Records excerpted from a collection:
-=-=-=-=-

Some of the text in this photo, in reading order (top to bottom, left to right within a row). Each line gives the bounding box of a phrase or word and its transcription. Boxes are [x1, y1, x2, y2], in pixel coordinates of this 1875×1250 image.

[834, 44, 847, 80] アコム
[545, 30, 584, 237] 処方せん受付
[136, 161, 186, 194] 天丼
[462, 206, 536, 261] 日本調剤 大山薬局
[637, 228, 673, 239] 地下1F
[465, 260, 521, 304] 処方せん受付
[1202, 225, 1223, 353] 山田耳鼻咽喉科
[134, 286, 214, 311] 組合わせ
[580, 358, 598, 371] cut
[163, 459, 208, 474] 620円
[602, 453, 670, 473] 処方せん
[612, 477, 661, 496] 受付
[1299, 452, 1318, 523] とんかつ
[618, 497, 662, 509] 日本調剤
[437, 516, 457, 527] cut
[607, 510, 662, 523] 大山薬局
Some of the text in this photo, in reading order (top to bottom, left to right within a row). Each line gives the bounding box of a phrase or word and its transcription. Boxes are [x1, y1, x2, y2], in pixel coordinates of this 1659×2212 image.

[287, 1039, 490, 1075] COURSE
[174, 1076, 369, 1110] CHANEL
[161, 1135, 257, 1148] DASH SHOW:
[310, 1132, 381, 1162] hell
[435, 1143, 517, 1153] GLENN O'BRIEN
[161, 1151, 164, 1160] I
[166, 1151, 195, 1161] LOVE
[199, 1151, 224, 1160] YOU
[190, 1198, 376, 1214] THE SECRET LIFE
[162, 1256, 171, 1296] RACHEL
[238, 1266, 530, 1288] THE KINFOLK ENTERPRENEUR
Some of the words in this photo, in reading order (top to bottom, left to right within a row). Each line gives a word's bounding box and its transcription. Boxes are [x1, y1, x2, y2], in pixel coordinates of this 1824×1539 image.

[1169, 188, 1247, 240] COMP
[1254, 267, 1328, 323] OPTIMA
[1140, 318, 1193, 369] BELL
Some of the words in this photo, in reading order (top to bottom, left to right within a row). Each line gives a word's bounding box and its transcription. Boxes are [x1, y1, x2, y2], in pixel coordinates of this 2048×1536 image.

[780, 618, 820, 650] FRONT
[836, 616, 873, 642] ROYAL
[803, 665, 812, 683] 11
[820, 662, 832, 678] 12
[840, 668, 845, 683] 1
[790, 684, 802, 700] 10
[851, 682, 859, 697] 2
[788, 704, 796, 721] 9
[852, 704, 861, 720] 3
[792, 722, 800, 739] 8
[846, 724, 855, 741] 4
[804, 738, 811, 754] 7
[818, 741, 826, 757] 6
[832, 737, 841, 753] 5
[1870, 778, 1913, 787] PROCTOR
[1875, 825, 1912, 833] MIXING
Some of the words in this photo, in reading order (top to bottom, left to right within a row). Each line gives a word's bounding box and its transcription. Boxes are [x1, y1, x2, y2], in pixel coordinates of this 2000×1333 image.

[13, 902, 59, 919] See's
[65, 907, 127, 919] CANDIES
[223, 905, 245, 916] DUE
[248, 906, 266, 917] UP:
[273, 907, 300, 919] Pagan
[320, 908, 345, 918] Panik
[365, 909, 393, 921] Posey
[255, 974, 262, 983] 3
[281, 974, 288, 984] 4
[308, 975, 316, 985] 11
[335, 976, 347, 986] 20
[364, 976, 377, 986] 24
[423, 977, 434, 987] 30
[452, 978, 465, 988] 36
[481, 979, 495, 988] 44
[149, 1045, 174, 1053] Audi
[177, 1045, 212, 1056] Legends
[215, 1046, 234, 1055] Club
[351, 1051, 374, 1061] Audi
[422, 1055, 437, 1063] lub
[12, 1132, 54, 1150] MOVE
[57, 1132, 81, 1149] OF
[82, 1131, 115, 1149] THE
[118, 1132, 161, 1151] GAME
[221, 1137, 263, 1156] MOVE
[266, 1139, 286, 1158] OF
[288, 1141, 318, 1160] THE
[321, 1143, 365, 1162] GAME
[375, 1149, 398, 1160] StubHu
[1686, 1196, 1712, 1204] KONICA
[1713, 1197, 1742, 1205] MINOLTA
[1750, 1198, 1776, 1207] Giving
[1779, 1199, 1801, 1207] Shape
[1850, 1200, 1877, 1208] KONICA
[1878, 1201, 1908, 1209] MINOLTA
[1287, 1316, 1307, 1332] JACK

-=-=-=-=-

What the task requires >>
Recopy all the entries faithfully, leaving none out.

Reply to the task >>
Some of the text in this photo, in reading order (top to bottom, left to right within a row). Each line gives the bounding box of a phrase or word and its transcription. Boxes are [x1, y1, x2, y2], in pixel coordinates of this 1875×1250 image.

[834, 44, 847, 80] アコム
[545, 30, 584, 237] 処方せん受付
[136, 161, 186, 194] 天丼
[462, 206, 536, 261] 日本調剤 大山薬局
[637, 228, 673, 239] 地下1F
[465, 260, 521, 304] 処方せん受付
[1202, 225, 1223, 353] 山田耳鼻咽喉科
[134, 286, 214, 311] 組合わせ
[580, 358, 598, 371] cut
[163, 459, 208, 474] 620円
[602, 453, 670, 473] 処方せん
[612, 477, 661, 496] 受付
[1299, 452, 1318, 523] とんかつ
[618, 497, 662, 509] 日本調剤
[437, 516, 457, 527] cut
[607, 510, 662, 523] 大山薬局
Some of the text in this photo, in reading order (top to bottom, left to right within a row). Each line gives the bounding box of a phrase or word and its transcription. Boxes are [x1, y1, x2, y2], in pixel coordinates of this 1659×2212 image.

[287, 1039, 490, 1075] COURSE
[174, 1076, 369, 1110] CHANEL
[161, 1135, 257, 1148] DASH SHOW:
[310, 1132, 381, 1162] hell
[435, 1143, 517, 1153] GLENN O'BRIEN
[161, 1151, 164, 1160] I
[166, 1151, 195, 1161] LOVE
[199, 1151, 224, 1160] YOU
[190, 1198, 376, 1214] THE SECRET LIFE
[162, 1256, 171, 1296] RACHEL
[238, 1266, 530, 1288] THE KINFOLK ENTERPRENEUR
Some of the words in this photo, in reading order (top to bottom, left to right within a row). Each line gives a word's bounding box and its transcription. Boxes are [x1, y1, x2, y2], in pixel coordinates of this 1824×1539 image.

[1169, 188, 1247, 240] COMP
[1254, 267, 1328, 323] OPTIMA
[1140, 318, 1193, 369] BELL
Some of the words in this photo, in reading order (top to bottom, left to right within a row). Each line gives a word's bounding box and its transcription. Boxes are [x1, y1, x2, y2], in pixel coordinates of this 2048×1536 image.

[780, 618, 820, 650] FRONT
[836, 616, 873, 642] ROYAL
[803, 665, 812, 683] 11
[820, 662, 832, 678] 12
[840, 668, 845, 683] 1
[790, 684, 802, 700] 10
[851, 682, 859, 697] 2
[788, 704, 796, 721] 9
[852, 704, 861, 720] 3
[792, 722, 800, 739] 8
[846, 724, 855, 741] 4
[804, 738, 811, 754] 7
[818, 741, 826, 757] 6
[832, 737, 841, 753] 5
[1870, 778, 1913, 787] PROCTOR
[1875, 825, 1912, 833] MIXING
Some of the words in this photo, in reading order (top to bottom, left to right within a row). Each line gives a word's bounding box and its transcription. Boxes are [x1, y1, x2, y2], in pixel coordinates of this 2000×1333 image.

[13, 902, 59, 919] See's
[65, 907, 127, 919] CANDIES
[223, 905, 245, 916] DUE
[248, 906, 266, 917] UP:
[273, 907, 300, 919] Pagan
[320, 908, 345, 918] Panik
[365, 909, 393, 921] Posey
[255, 974, 262, 983] 3
[281, 974, 288, 984] 4
[308, 975, 316, 985] 11
[335, 976, 347, 986] 20
[364, 976, 377, 986] 24
[423, 977, 434, 987] 30
[452, 978, 465, 988] 36
[481, 979, 495, 988] 44
[149, 1045, 174, 1053] Audi
[177, 1045, 212, 1056] Legends
[215, 1046, 234, 1055] Club
[351, 1051, 374, 1061] Audi
[422, 1055, 437, 1063] lub
[12, 1132, 54, 1150] MOVE
[57, 1132, 81, 1149] OF
[82, 1131, 115, 1149] THE
[118, 1132, 161, 1151] GAME
[221, 1137, 263, 1156] MOVE
[266, 1139, 286, 1158] OF
[288, 1141, 318, 1160] THE
[321, 1143, 365, 1162] GAME
[375, 1149, 398, 1160] StubHu
[1686, 1196, 1712, 1204] KONICA
[1713, 1197, 1742, 1205] MINOLTA
[1750, 1198, 1776, 1207] Giving
[1779, 1199, 1801, 1207] Shape
[1850, 1200, 1877, 1208] KONICA
[1878, 1201, 1908, 1209] MINOLTA
[1287, 1316, 1307, 1332] JACK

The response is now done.